Study shows Americas traffic has disappeared—everywhere

A new nationwide study on how the coronavirus combined with the oil crisis has affected the nation’s travel shows a decline everywhere. Even in Oklahoma.

The Brookings Institute reported every metro area in the country experienced a traffic decline of at least 53% since the beginning of March. Of cities in Oklahoma, Stillwater had the largest decline at 60 percent while Tulsa was at 59 percent and Oklahoma City at 53 percent reduced vehicle miles traveled.

Other cities in the state and their reductions were: Norman 54%; Ponca City 31%; Bartlesville 50%; Lawton 43%; Altus 47%; ELk City 42%; Woodward 28%; Enid 36% and Shawnee 35%.
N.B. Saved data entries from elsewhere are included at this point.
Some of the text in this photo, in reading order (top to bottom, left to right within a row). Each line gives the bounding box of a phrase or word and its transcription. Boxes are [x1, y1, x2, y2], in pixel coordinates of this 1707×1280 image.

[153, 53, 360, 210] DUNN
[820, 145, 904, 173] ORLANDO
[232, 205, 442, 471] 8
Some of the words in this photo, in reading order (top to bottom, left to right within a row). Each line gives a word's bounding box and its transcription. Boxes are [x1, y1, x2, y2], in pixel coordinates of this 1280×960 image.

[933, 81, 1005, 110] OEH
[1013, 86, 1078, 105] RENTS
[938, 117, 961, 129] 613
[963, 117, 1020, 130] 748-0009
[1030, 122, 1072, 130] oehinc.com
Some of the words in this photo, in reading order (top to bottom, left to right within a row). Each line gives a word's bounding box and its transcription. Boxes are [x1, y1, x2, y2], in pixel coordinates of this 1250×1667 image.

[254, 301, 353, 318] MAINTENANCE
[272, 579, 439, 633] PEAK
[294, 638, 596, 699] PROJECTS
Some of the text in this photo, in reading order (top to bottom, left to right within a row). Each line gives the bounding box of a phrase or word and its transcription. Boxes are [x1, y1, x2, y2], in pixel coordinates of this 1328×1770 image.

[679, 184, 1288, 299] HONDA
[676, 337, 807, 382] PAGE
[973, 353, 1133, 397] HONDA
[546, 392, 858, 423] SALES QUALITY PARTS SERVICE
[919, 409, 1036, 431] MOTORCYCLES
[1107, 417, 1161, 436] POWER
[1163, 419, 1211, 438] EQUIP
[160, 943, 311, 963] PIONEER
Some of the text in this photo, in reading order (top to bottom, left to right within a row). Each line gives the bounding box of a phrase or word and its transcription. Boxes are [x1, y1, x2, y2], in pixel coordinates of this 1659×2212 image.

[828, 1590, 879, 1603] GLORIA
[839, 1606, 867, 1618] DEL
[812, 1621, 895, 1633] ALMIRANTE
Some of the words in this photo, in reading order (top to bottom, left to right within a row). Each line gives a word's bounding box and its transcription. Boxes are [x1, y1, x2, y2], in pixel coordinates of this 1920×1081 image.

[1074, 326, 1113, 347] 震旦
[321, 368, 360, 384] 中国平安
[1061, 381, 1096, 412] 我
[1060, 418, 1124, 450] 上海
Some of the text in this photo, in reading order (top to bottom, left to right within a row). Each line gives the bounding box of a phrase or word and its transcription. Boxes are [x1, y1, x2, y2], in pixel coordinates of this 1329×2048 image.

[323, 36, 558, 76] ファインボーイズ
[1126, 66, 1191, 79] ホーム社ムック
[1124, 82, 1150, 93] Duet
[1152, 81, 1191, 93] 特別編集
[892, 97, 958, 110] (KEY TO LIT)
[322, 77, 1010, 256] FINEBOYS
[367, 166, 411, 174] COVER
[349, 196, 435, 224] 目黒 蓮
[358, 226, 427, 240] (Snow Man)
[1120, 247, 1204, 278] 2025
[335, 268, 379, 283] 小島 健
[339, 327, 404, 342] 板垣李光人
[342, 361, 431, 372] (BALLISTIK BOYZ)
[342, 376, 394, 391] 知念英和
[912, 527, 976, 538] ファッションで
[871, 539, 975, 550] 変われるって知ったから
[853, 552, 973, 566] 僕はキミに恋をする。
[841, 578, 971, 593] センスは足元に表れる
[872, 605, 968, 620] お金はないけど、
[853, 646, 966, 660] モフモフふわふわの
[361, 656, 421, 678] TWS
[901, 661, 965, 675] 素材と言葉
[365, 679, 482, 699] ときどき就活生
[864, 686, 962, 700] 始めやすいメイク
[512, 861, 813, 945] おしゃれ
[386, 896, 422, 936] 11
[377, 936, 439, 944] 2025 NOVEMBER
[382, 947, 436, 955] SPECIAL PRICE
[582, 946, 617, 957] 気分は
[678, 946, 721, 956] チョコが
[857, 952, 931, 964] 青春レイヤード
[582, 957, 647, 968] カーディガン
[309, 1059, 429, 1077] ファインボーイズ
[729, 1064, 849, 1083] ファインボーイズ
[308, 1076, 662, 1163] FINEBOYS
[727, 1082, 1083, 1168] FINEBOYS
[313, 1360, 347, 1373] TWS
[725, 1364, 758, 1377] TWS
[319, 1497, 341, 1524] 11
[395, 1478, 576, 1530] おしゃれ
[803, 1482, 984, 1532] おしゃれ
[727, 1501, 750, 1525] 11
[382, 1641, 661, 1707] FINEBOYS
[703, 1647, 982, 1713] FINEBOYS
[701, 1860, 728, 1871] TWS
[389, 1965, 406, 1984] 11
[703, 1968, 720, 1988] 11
Still, the largest and smallest VMT drops tend to cluster in similar places. College towns such as Ann Arbor, Mich., large metro areas along the Northeast corridor, and most of coastal California’s metro areas all saw their traffic levels drop by at least 75% since March 1. Meanwhile, many medium-sized metro areas in the South, running from Texas through the Carolinas, saw the smallest declines.

The study also concluded that metropolitan populations tended to be more responsive to stay-at-home orders leading to larger drops in driving the longer orders were in place.

Larger shares of workers in high-information and management industries had a major negative impact on driving.

“We believe this is evidence of a surge in telework among these relatively high-paid and digitally literate households,” stated the study.

However, the study did not take into effect that the more rural areas did not need extensive “stay at home” or “social distancing” required because of the smaller populations and that driving was still a necessity. It wasn’t as easy to reduce driving in rural areas compared to larger metropolitan areas where residents have more extensive public transportation.

The researchers also claimed that voting patterns from 2016 had a significant impact, with Democratic-leaning counties far more likely to reduce their driving. This confirms national reporting that suggested partisanship was a major factor in a community’s approach to social distancing recommendations.